03 Advanced Properties How to handle production level applications- skills you need to master #

Hello, I’m Jingyuan.

Through previous learning, we have mastered the basic features and operations of Function Compute, and can develop and maintain some simple Serverless business scenarios by configuring triggers.

However, these operations are definitely not enough for complex scenarios or applications that need to be deployed in production environments. Take the microservices that we are familiar with as an example. From development to deployment and operation, we need to pay attention to code reuse, the flexibility of development frameworks, gradual release during deployment, and measures for disaster recovery in production environment.
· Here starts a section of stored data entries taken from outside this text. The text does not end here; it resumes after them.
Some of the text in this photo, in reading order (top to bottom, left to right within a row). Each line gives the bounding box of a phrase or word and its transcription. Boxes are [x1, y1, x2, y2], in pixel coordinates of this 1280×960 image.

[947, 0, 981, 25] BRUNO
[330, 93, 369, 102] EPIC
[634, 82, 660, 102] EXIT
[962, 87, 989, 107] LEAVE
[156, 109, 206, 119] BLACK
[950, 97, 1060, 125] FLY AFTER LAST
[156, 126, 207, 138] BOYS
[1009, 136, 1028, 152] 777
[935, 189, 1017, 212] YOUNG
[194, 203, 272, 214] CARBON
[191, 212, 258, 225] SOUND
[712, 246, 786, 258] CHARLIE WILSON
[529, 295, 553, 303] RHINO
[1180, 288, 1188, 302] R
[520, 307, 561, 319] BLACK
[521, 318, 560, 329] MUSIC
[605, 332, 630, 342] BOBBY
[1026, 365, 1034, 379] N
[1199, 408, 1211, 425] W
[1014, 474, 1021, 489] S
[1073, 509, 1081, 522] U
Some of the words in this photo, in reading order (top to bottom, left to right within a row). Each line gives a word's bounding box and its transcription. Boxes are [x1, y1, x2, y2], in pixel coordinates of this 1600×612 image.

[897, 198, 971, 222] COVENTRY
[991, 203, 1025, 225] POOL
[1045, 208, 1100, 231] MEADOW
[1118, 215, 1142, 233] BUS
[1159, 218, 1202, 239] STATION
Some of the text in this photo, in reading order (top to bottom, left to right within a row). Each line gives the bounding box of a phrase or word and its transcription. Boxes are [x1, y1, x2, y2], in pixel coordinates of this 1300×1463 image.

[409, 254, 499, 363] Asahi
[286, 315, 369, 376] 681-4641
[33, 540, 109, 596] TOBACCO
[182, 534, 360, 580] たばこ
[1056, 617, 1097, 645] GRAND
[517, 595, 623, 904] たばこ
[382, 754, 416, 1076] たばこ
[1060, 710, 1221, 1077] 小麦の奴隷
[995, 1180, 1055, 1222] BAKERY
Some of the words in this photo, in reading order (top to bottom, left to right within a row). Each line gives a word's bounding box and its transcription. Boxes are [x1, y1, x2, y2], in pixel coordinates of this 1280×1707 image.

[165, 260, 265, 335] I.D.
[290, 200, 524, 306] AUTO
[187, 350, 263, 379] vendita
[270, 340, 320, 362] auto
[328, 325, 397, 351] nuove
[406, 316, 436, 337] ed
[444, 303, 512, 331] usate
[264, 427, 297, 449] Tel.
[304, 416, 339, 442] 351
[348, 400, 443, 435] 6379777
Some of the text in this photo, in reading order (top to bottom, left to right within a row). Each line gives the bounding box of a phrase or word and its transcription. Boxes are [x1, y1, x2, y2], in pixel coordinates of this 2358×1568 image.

We also need to consider how to handle traffic fluctuations for upstream and downstream services.

So, do we not need to pay attention to these aspects in Serverless Function Compute? Although Serverless is about serverless architecture, if we want to utilize Function Compute platform effectively or develop our own FaaS-based Serverless platform, we should have a clear understanding of these factors in order to manage Serverless better.

In today’s lesson, we will follow the order of “development-deployment-operation” and refer to the familiar microservices process to see what advanced skills you need to know in Function Compute. Let’s start with the development phase of an application.

How to extract common service capabilities? #

When developing microservices, if the functionality is more complex, it requires collaboration among multiple individuals or the reuse of existing libraries. Does Function Compute have similar features?

The introduction of layers is to solve this problem. You can extract the common libraries that the function depends on into layers to reduce the size of the code package during deployment and updates.

Currently, most cloud providers support layers in various languages, such as Java, Python, Node.js, PHP, etc. For runtimes that support layer functionality, Function Compute adds a specific directory (e.g. /opt) to the search path for runtime language dependencies. You can customize layers or use pre-built common layers provided by cloud providers, which include some commonly used dependencies.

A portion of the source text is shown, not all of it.